Data:
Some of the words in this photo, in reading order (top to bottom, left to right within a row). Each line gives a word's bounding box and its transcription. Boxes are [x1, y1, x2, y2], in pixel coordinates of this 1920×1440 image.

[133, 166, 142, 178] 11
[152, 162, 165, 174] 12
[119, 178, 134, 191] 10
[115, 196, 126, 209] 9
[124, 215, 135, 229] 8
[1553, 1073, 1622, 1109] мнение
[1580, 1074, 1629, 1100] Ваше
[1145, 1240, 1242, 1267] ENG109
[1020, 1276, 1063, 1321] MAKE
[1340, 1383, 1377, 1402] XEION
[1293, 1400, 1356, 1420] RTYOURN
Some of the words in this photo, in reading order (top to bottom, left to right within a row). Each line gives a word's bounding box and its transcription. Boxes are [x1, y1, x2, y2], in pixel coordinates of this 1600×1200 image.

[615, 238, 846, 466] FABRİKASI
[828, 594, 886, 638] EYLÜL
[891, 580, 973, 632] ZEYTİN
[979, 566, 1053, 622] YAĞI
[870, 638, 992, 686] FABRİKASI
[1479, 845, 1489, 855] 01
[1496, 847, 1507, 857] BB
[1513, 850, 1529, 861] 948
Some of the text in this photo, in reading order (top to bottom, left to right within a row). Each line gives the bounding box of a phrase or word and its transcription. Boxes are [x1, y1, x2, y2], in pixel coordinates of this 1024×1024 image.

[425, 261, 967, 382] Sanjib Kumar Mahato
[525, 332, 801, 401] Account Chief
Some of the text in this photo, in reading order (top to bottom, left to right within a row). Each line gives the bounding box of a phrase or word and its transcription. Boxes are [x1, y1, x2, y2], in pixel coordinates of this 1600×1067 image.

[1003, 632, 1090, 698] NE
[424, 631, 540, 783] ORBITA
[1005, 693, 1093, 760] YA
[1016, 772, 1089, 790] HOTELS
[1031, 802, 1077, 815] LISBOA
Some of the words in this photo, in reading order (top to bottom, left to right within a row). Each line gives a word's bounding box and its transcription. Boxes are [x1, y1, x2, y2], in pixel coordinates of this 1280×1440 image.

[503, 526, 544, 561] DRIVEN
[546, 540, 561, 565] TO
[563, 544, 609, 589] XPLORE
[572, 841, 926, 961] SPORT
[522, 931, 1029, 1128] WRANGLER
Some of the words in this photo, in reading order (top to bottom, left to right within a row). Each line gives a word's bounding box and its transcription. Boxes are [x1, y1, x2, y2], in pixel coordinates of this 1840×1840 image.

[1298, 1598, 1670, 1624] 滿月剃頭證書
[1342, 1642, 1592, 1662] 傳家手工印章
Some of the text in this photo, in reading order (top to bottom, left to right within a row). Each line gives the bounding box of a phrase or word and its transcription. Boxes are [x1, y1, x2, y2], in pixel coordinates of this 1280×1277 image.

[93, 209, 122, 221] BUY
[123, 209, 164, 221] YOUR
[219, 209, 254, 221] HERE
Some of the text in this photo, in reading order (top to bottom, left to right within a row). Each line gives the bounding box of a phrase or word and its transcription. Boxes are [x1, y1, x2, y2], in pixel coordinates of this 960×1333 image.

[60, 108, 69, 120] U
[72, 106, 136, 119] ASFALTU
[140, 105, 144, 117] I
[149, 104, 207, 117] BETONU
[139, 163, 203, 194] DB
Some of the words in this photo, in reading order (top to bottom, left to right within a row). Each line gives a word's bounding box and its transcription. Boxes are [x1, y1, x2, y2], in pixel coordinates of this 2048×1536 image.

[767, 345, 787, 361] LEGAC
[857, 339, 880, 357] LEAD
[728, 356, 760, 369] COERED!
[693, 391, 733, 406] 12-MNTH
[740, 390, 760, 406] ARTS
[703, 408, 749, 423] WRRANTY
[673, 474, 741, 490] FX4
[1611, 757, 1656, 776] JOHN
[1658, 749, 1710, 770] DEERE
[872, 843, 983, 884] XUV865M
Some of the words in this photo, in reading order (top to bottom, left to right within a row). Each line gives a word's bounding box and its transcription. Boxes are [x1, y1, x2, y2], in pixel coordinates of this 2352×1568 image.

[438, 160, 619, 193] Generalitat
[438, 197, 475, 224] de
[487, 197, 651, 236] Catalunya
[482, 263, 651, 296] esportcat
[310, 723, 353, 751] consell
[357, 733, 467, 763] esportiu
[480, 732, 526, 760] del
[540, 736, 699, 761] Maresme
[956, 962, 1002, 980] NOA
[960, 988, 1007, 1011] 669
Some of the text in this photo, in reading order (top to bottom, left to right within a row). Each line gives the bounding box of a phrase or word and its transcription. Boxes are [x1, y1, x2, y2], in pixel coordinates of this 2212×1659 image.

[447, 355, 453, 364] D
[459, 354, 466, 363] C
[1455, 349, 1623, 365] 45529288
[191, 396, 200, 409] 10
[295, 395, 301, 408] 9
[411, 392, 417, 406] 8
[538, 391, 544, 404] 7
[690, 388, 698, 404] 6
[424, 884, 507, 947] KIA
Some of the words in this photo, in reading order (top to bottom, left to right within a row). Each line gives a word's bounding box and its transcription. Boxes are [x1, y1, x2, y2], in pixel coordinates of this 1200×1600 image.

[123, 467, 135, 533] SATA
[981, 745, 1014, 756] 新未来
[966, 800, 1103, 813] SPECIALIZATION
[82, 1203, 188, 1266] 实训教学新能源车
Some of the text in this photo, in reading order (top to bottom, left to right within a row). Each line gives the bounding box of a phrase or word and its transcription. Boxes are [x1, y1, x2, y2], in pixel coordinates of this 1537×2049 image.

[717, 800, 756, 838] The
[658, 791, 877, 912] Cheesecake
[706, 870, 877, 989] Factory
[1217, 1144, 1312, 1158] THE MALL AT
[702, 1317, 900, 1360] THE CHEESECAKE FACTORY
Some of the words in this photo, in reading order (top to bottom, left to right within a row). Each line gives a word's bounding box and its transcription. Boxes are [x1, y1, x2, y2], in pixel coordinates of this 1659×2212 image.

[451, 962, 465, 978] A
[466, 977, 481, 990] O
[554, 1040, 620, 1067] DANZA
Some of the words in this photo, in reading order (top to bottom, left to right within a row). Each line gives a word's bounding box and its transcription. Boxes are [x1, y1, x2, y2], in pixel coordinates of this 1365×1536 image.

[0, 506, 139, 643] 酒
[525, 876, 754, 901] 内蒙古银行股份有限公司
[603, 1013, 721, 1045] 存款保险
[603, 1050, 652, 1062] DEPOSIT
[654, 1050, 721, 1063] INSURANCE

Work task:
Could you reproduce every record exactly as shown above?

Task result:
Some of the words in this photo, in reading order (top to bottom, left to right within a row). Each line gives a word's bounding box and its transcription. Boxes are [x1, y1, x2, y2], in pixel coordinates of this 1920×1440 image.

[133, 166, 142, 178] 11
[152, 162, 165, 174] 12
[119, 178, 134, 191] 10
[115, 196, 126, 209] 9
[124, 215, 135, 229] 8
[1553, 1073, 1622, 1109] мнение
[1580, 1074, 1629, 1100] Ваше
[1145, 1240, 1242, 1267] ENG109
[1020, 1276, 1063, 1321] MAKE
[1340, 1383, 1377, 1402] XEION
[1293, 1400, 1356, 1420] RTYOURN
Some of the words in this photo, in reading order (top to bottom, left to right within a row). Each line gives a word's bounding box and its transcription. Boxes are [x1, y1, x2, y2], in pixel coordinates of this 1600×1200 image.

[615, 238, 846, 466] FABRİKASI
[828, 594, 886, 638] EYLÜL
[891, 580, 973, 632] ZEYTİN
[979, 566, 1053, 622] YAĞI
[870, 638, 992, 686] FABRİKASI
[1479, 845, 1489, 855] 01
[1496, 847, 1507, 857] BB
[1513, 850, 1529, 861] 948
Some of the text in this photo, in reading order (top to bottom, left to right within a row). Each line gives the bounding box of a phrase or word and its transcription. Boxes are [x1, y1, x2, y2], in pixel coordinates of this 1024×1024 image.

[425, 261, 967, 382] Sanjib Kumar Mahato
[525, 332, 801, 401] Account Chief
Some of the text in this photo, in reading order (top to bottom, left to right within a row). Each line gives the bounding box of a phrase or word and its transcription. Boxes are [x1, y1, x2, y2], in pixel coordinates of this 1600×1067 image.

[1003, 632, 1090, 698] NE
[424, 631, 540, 783] ORBITA
[1005, 693, 1093, 760] YA
[1016, 772, 1089, 790] HOTELS
[1031, 802, 1077, 815] LISBOA
Some of the words in this photo, in reading order (top to bottom, left to right within a row). Each line gives a word's bounding box and its transcription. Boxes are [x1, y1, x2, y2], in pixel coordinates of this 1280×1440 image.

[503, 526, 544, 561] DRIVEN
[546, 540, 561, 565] TO
[563, 544, 609, 589] XPLORE
[572, 841, 926, 961] SPORT
[522, 931, 1029, 1128] WRANGLER
Some of the words in this photo, in reading order (top to bottom, left to right within a row). Each line gives a word's bounding box and its transcription. Boxes are [x1, y1, x2, y2], in pixel coordinates of this 1840×1840 image.

[1298, 1598, 1670, 1624] 滿月剃頭證書
[1342, 1642, 1592, 1662] 傳家手工印章
Some of the text in this photo, in reading order (top to bottom, left to right within a row). Each line gives the bounding box of a phrase or word and its transcription. Boxes are [x1, y1, x2, y2], in pixel coordinates of this 1280×1277 image.

[93, 209, 122, 221] BUY
[123, 209, 164, 221] YOUR
[219, 209, 254, 221] HERE
Some of the text in this photo, in reading order (top to bottom, left to right within a row). Each line gives the bounding box of a phrase or word and its transcription. Boxes are [x1, y1, x2, y2], in pixel coordinates of this 960×1333 image.

[60, 108, 69, 120] U
[72, 106, 136, 119] ASFALTU
[140, 105, 144, 117] I
[149, 104, 207, 117] BETONU
[139, 163, 203, 194] DB
Some of the words in this photo, in reading order (top to bottom, left to right within a row). Each line gives a word's bounding box and its transcription. Boxes are [x1, y1, x2, y2], in pixel coordinates of this 2048×1536 image.

[767, 345, 787, 361] LEGAC
[857, 339, 880, 357] LEAD
[728, 356, 760, 369] COERED!
[693, 391, 733, 406] 12-MNTH
[740, 390, 760, 406] ARTS
[703, 408, 749, 423] WRRANTY
[673, 474, 741, 490] FX4
[1611, 757, 1656, 776] JOHN
[1658, 749, 1710, 770] DEERE
[872, 843, 983, 884] XUV865M
Some of the words in this photo, in reading order (top to bottom, left to right within a row). Each line gives a word's bounding box and its transcription. Boxes are [x1, y1, x2, y2], in pixel coordinates of this 2352×1568 image.

[438, 160, 619, 193] Generalitat
[438, 197, 475, 224] de
[487, 197, 651, 236] Catalunya
[482, 263, 651, 296] esportcat
[310, 723, 353, 751] consell
[357, 733, 467, 763] esportiu
[480, 732, 526, 760] del
[540, 736, 699, 761] Maresme
[956, 962, 1002, 980] NOA
[960, 988, 1007, 1011] 669
Some of the text in this photo, in reading order (top to bottom, left to right within a row). Each line gives the bounding box of a phrase or word and its transcription. Boxes are [x1, y1, x2, y2], in pixel coordinates of this 2212×1659 image.

[447, 355, 453, 364] D
[459, 354, 466, 363] C
[1455, 349, 1623, 365] 45529288
[191, 396, 200, 409] 10
[295, 395, 301, 408] 9
[411, 392, 417, 406] 8
[538, 391, 544, 404] 7
[690, 388, 698, 404] 6
[424, 884, 507, 947] KIA
Some of the words in this photo, in reading order (top to bottom, left to right within a row). Each line gives a word's bounding box and its transcription. Boxes are [x1, y1, x2, y2], in pixel coordinates of this 1200×1600 image.

[123, 467, 135, 533] SATA
[981, 745, 1014, 756] 新未来
[966, 800, 1103, 813] SPECIALIZATION
[82, 1203, 188, 1266] 实训教学新能源车
Some of the text in this photo, in reading order (top to bottom, left to right within a row). Each line gives the bounding box of a phrase or word and its transcription. Boxes are [x1, y1, x2, y2], in pixel coordinates of this 1537×2049 image.

[717, 800, 756, 838] The
[658, 791, 877, 912] Cheesecake
[706, 870, 877, 989] Factory
[1217, 1144, 1312, 1158] THE MALL AT
[702, 1317, 900, 1360] THE CHEESECAKE FACTORY
Some of the words in this photo, in reading order (top to bottom, left to right within a row). Each line gives a word's bounding box and its transcription. Boxes are [x1, y1, x2, y2], in pixel coordinates of this 1659×2212 image.

[451, 962, 465, 978] A
[466, 977, 481, 990] O
[554, 1040, 620, 1067] DANZA
Some of the words in this photo, in reading order (top to bottom, left to right within a row). Each line gives a word's bounding box and its transcription. Boxes are [x1, y1, x2, y2], in pixel coordinates of this 1365×1536 image.

[0, 506, 139, 643] 酒
[525, 876, 754, 901] 内蒙古银行股份有限公司
[603, 1013, 721, 1045] 存款保险
[603, 1050, 652, 1062] DEPOSIT
[654, 1050, 721, 1063] INSURANCE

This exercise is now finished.